The records that follow should be copied out exactly, pictures excluded.

▽

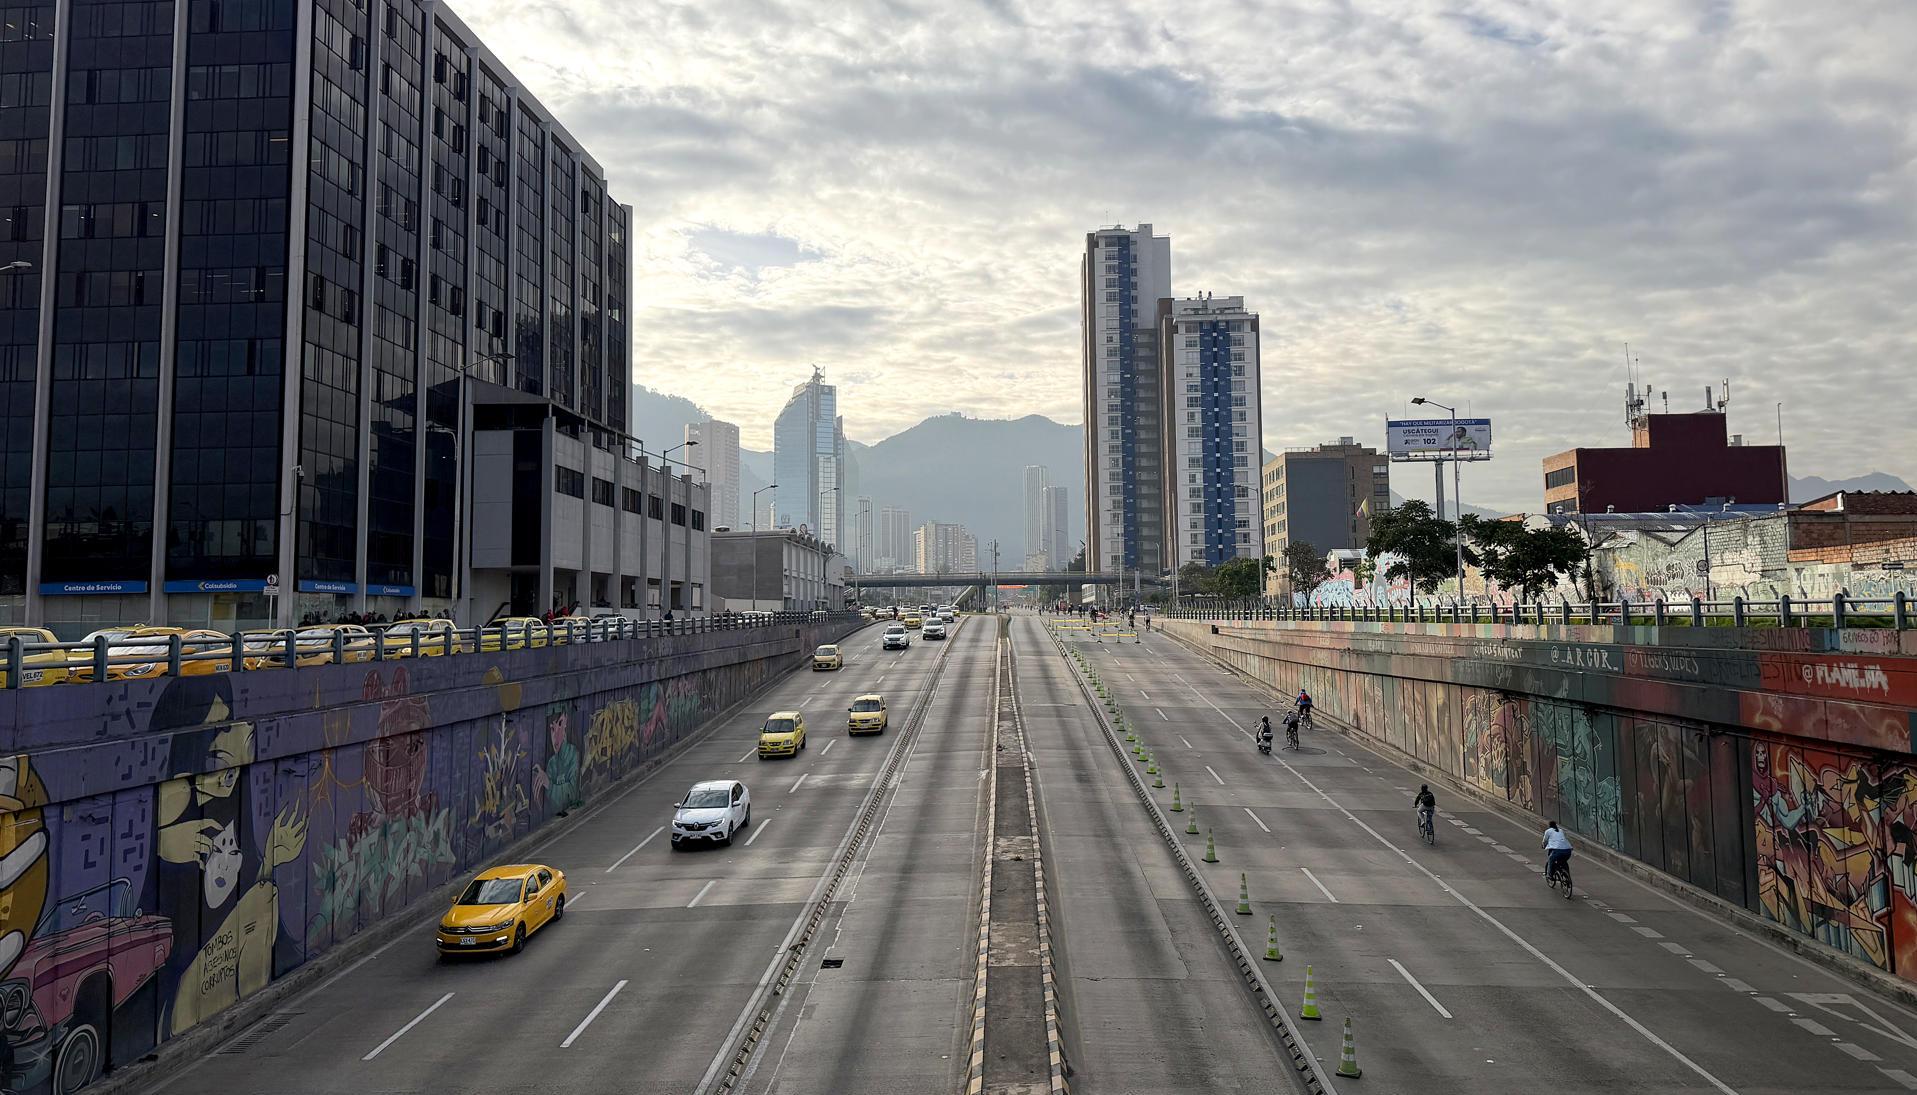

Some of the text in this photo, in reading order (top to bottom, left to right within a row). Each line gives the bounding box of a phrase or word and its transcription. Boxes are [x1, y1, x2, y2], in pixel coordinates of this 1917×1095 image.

[64, 583, 122, 592] Centro de Servicio
[204, 581, 237, 590] Colsubsidio
[1869, 631, 1880, 644] GO
[1882, 630, 1899, 645] HOME
[203, 931, 233, 958] TOMBOS
[204, 948, 237, 977] ASESINOS
[201, 965, 235, 995] CORRUPTOS
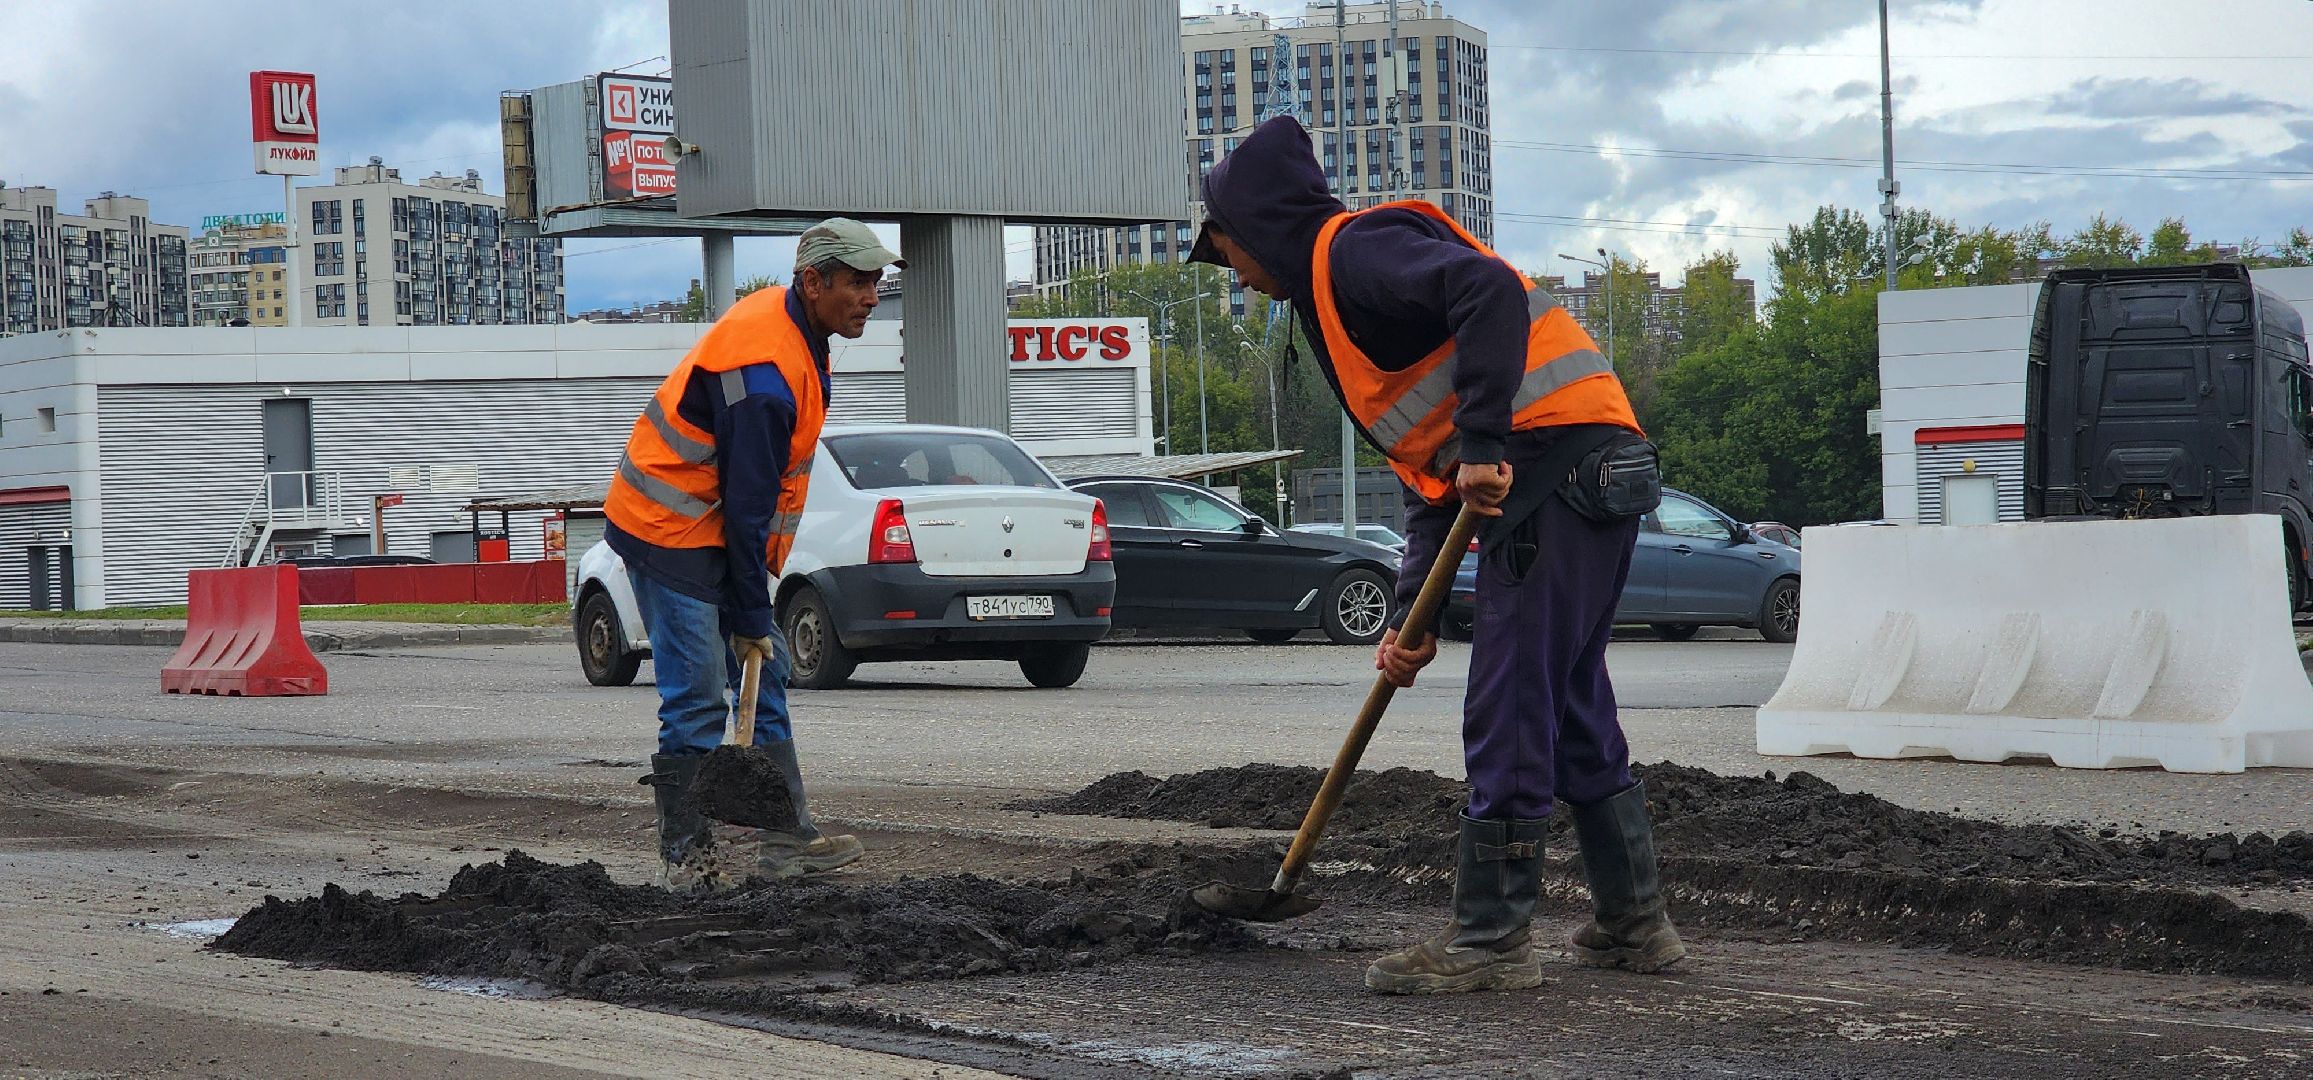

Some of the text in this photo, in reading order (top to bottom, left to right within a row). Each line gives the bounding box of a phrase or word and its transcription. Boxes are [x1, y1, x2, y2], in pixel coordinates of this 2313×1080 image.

[270, 147, 316, 161] ЛУКОЙЛ
[637, 145, 653, 158] ПО
[1008, 325, 1131, 362] TIC'S

△

## Solution
Some of the text in this photo, in reading order (top to bottom, left to right within a row). Each line gives the bounding box of a phrase or word and its transcription. Boxes are [x1, y1, x2, y2], in pixel coordinates of this 1917×1095 image.

[64, 583, 122, 592] Centro de Servicio
[204, 581, 237, 590] Colsubsidio
[1869, 631, 1880, 644] GO
[1882, 630, 1899, 645] HOME
[203, 931, 233, 958] TOMBOS
[204, 948, 237, 977] ASESINOS
[201, 965, 235, 995] CORRUPTOS

Some of the text in this photo, in reading order (top to bottom, left to right within a row). Each line gives the bounding box of a phrase or word and its transcription. Boxes are [x1, y1, x2, y2], in pixel coordinates of this 2313×1080 image.

[270, 147, 316, 161] ЛУКОЙЛ
[637, 145, 653, 158] ПО
[1008, 325, 1131, 362] TIC'S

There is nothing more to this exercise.